### What you have to do
Could every line of the data be copied out once more, exactly?

### Records
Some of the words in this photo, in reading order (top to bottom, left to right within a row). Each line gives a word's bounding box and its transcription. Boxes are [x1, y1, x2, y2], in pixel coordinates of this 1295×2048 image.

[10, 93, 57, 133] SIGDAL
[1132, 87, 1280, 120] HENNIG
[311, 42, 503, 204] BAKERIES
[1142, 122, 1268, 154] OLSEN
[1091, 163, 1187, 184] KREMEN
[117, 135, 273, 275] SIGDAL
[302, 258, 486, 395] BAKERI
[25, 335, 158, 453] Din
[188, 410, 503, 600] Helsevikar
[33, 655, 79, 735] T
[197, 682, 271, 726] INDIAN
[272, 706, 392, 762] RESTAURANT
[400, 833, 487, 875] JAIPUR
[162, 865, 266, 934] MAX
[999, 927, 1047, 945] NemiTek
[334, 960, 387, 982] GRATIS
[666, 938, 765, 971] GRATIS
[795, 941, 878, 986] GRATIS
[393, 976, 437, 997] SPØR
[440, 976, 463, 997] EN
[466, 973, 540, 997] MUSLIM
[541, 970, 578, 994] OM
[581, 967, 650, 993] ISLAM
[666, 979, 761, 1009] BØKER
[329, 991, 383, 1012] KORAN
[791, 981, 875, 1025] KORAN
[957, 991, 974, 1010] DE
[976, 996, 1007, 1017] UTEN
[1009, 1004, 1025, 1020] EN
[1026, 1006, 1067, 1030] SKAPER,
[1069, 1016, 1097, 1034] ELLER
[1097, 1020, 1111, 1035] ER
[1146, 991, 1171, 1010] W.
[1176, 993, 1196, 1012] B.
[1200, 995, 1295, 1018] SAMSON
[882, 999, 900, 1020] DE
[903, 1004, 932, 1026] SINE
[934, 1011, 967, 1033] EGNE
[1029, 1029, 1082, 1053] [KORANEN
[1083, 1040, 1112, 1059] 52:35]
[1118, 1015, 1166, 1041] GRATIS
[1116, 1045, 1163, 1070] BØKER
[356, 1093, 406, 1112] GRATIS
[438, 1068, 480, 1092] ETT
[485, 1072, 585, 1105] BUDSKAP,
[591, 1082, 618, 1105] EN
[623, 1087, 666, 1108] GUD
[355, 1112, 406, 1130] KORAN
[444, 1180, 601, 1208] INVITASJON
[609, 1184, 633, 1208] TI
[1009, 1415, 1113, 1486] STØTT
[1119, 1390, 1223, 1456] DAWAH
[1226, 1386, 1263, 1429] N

### Output of the exercise
Some of the words in this photo, in reading order (top to bottom, left to right within a row). Each line gives a word's bounding box and its transcription. Boxes are [x1, y1, x2, y2], in pixel coordinates of this 1295×2048 image.

[10, 93, 57, 133] SIGDAL
[1132, 87, 1280, 120] HENNIG
[311, 42, 503, 204] BAKERIES
[1142, 122, 1268, 154] OLSEN
[1091, 163, 1187, 184] KREMEN
[117, 135, 273, 275] SIGDAL
[302, 258, 486, 395] BAKERI
[25, 335, 158, 453] Din
[188, 410, 503, 600] Helsevikar
[33, 655, 79, 735] T
[197, 682, 271, 726] INDIAN
[272, 706, 392, 762] RESTAURANT
[400, 833, 487, 875] JAIPUR
[162, 865, 266, 934] MAX
[999, 927, 1047, 945] NemiTek
[334, 960, 387, 982] GRATIS
[666, 938, 765, 971] GRATIS
[795, 941, 878, 986] GRATIS
[393, 976, 437, 997] SPØR
[440, 976, 463, 997] EN
[466, 973, 540, 997] MUSLIM
[541, 970, 578, 994] OM
[581, 967, 650, 993] ISLAM
[666, 979, 761, 1009] BØKER
[329, 991, 383, 1012] KORAN
[791, 981, 875, 1025] KORAN
[957, 991, 974, 1010] DE
[976, 996, 1007, 1017] UTEN
[1009, 1004, 1025, 1020] EN
[1026, 1006, 1067, 1030] SKAPER,
[1069, 1016, 1097, 1034] ELLER
[1097, 1020, 1111, 1035] ER
[1146, 991, 1171, 1010] W.
[1176, 993, 1196, 1012] B.
[1200, 995, 1295, 1018] SAMSON
[882, 999, 900, 1020] DE
[903, 1004, 932, 1026] SINE
[934, 1011, 967, 1033] EGNE
[1029, 1029, 1082, 1053] [KORANEN
[1083, 1040, 1112, 1059] 52:35]
[1118, 1015, 1166, 1041] GRATIS
[1116, 1045, 1163, 1070] BØKER
[356, 1093, 406, 1112] GRATIS
[438, 1068, 480, 1092] ETT
[485, 1072, 585, 1105] BUDSKAP,
[591, 1082, 618, 1105] EN
[623, 1087, 666, 1108] GUD
[355, 1112, 406, 1130] KORAN
[444, 1180, 601, 1208] INVITASJON
[609, 1184, 633, 1208] TI
[1009, 1415, 1113, 1486] STØTT
[1119, 1390, 1223, 1456] DAWAH
[1226, 1386, 1263, 1429] N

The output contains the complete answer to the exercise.